À celui-ci surtout, « au cousin Clifford » ainsi qu’elle l’appelait maintenant, Phœbé s’était rendue particulièrement nécessaire. Non qu’à vrai dire il causât jamais avec sa cousine, ou manifestât souvent, d’aucune autre façon, le plaisir qu’il trouvait à vivre près d’elle. Mais si elle était longtemps absente, il devenait inquiet et maussade, arpentait sa chambre dans tous les sens avec cette incertitude qui caractérisait ses mouvements ; ou bien encore, enfoncé dans son grand fauteuil, la tête appuyée sur ses mains, ne donnait d’autre signe de vie qu’une étincelle électrique de mauvaise humeur, chaque fois qu’Hepzibah essayait de le ranimer. Il ne demandait au reste que la présence de Phœbé, le reflet de cette sérénité radieuse qu’elle portait toujours avec elle, son gazouillement de source vive, ses chansons d’oiseau.

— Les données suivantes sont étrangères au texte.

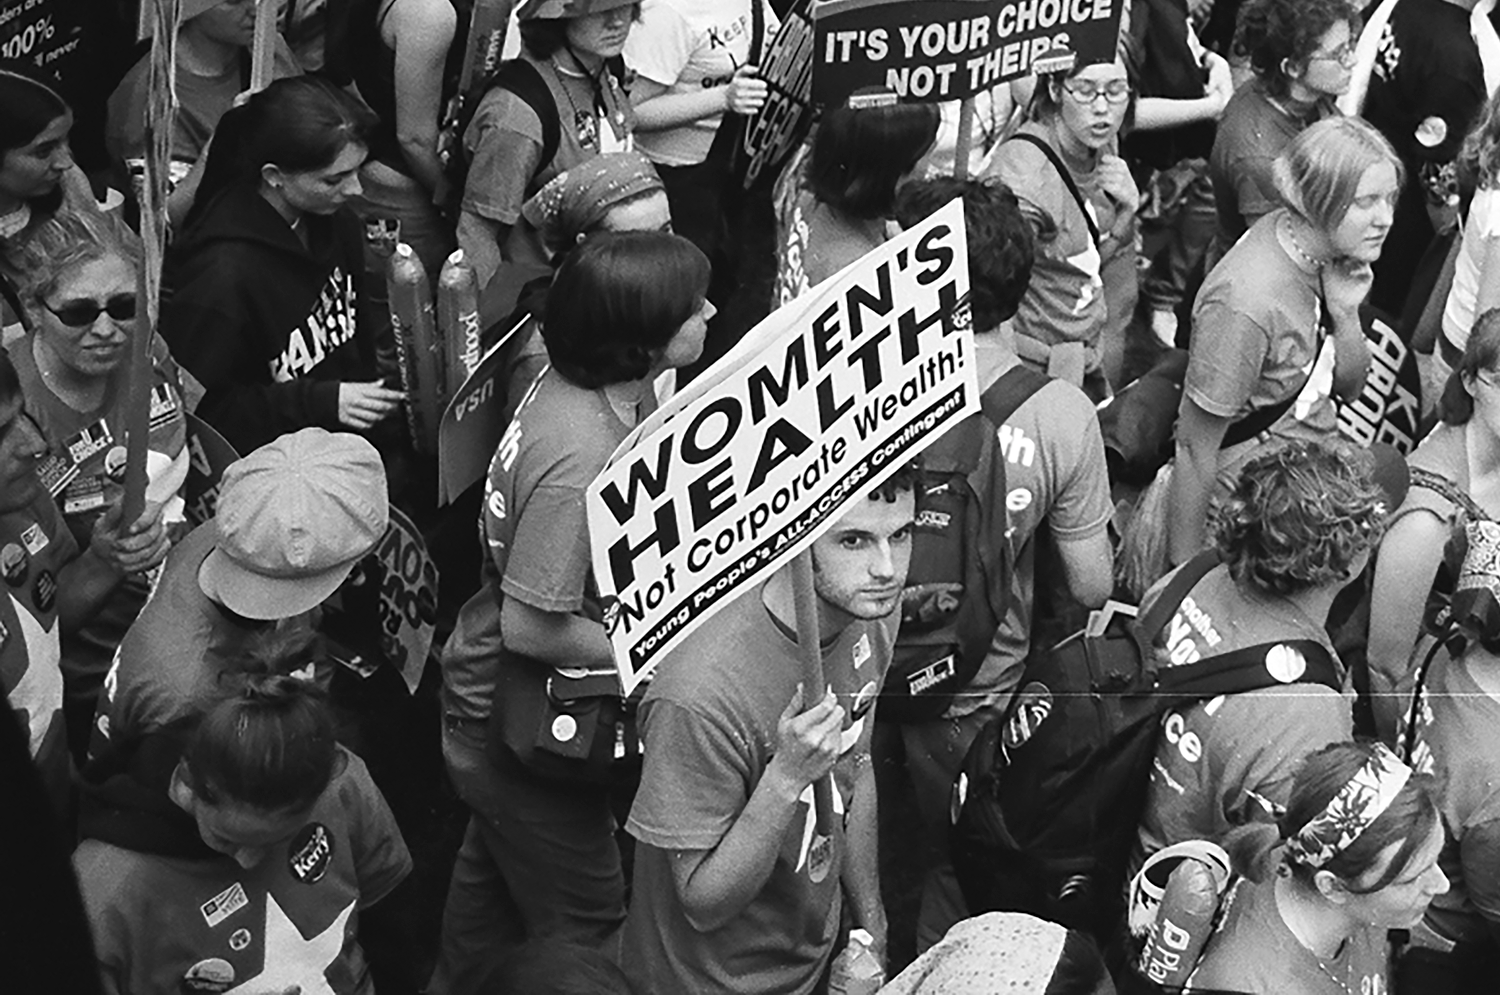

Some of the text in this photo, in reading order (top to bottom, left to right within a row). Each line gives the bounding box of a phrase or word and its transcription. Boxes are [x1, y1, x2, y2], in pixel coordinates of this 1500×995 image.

[825, 27, 890, 64] IT'S
[898, 14, 990, 59] YOUR
[885, 62, 957, 99] NOT
[599, 223, 955, 528] WOMEN'S
[607, 277, 971, 595] HEALTH
[620, 336, 966, 635] Not Corporate Wealth!
[633, 605, 691, 662] Young
[692, 548, 773, 609] People's
[773, 460, 870, 559] ALL-ACCESS
[869, 390, 964, 470] Contingent

Tant qu’elle chantait, la jeune fille pouvait errer à son gré par la maison ou dans le jardin ; Clifford était satisfait, soit que ces airs joyeux lui vinssent ou de l’étage supérieur, ou du petit magasin, ou de derrière le poirier dont ils traversaient le feuillage en même temps que les rayons du soleil. Il restait alors paisiblement assis, sa physionomie exprimant un plaisir tranquille, tantôt un peu plus vif, tantôt légèrement atténué, selon que la chanson se rapprochait ou s’éloignait. Mais pour qu’elle le ravît complètement, il fallait que la jeune musicienne fût assise à ses pieds, sur un tabouret.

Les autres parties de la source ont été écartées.